About this task: Output only the entries, exactly as given, without the pictures.

Data extracts:
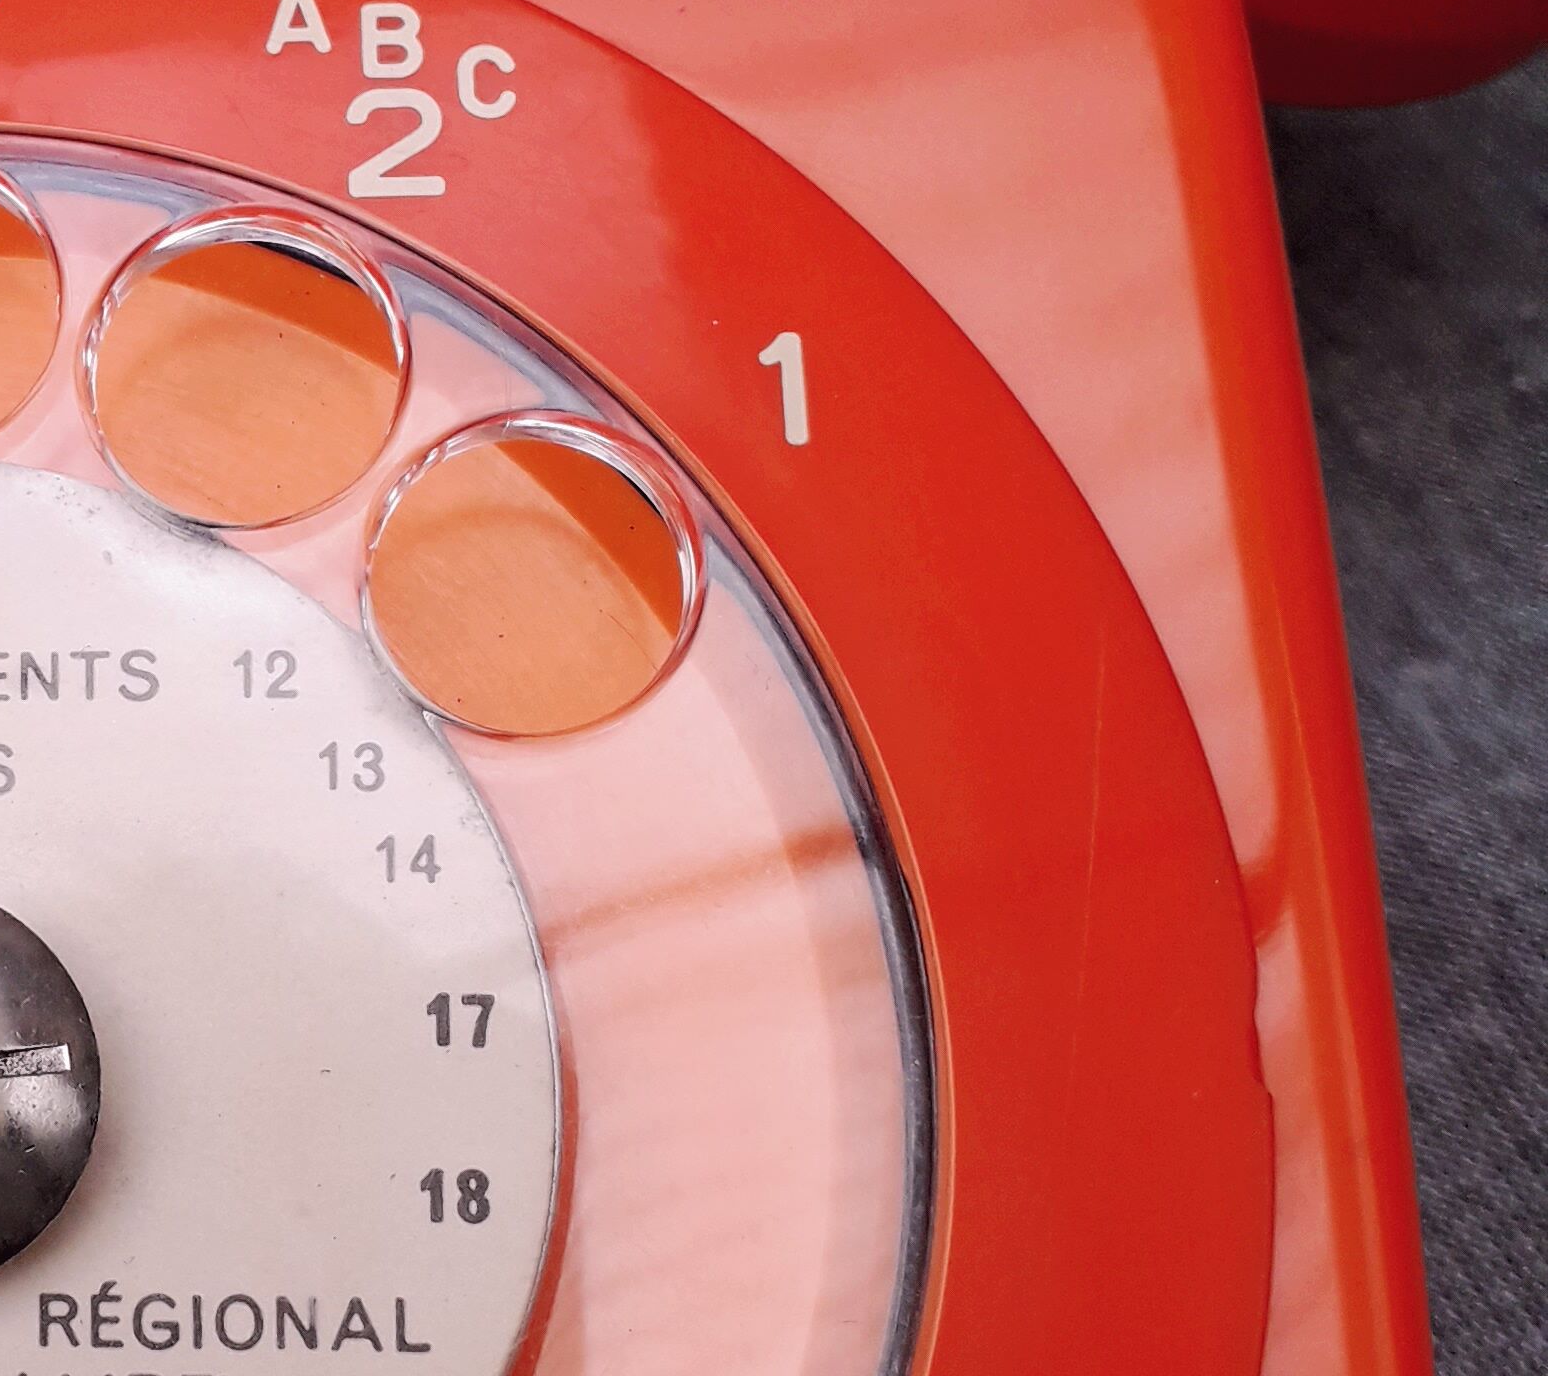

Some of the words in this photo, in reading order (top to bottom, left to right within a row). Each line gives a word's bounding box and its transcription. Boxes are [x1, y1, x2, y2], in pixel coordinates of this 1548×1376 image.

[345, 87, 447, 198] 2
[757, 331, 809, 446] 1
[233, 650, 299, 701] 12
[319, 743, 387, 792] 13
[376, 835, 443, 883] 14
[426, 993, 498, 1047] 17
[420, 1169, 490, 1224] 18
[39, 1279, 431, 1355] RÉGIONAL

Task response:
Some of the words in this photo, in reading order (top to bottom, left to right within a row). Each line gives a word's bounding box and its transcription. Boxes are [x1, y1, x2, y2], in pixel coordinates of this 1548×1376 image.

[345, 87, 447, 198] 2
[757, 331, 809, 446] 1
[233, 650, 299, 701] 12
[319, 743, 387, 792] 13
[376, 835, 443, 883] 14
[426, 993, 498, 1047] 17
[420, 1169, 490, 1224] 18
[39, 1279, 431, 1355] RÉGIONAL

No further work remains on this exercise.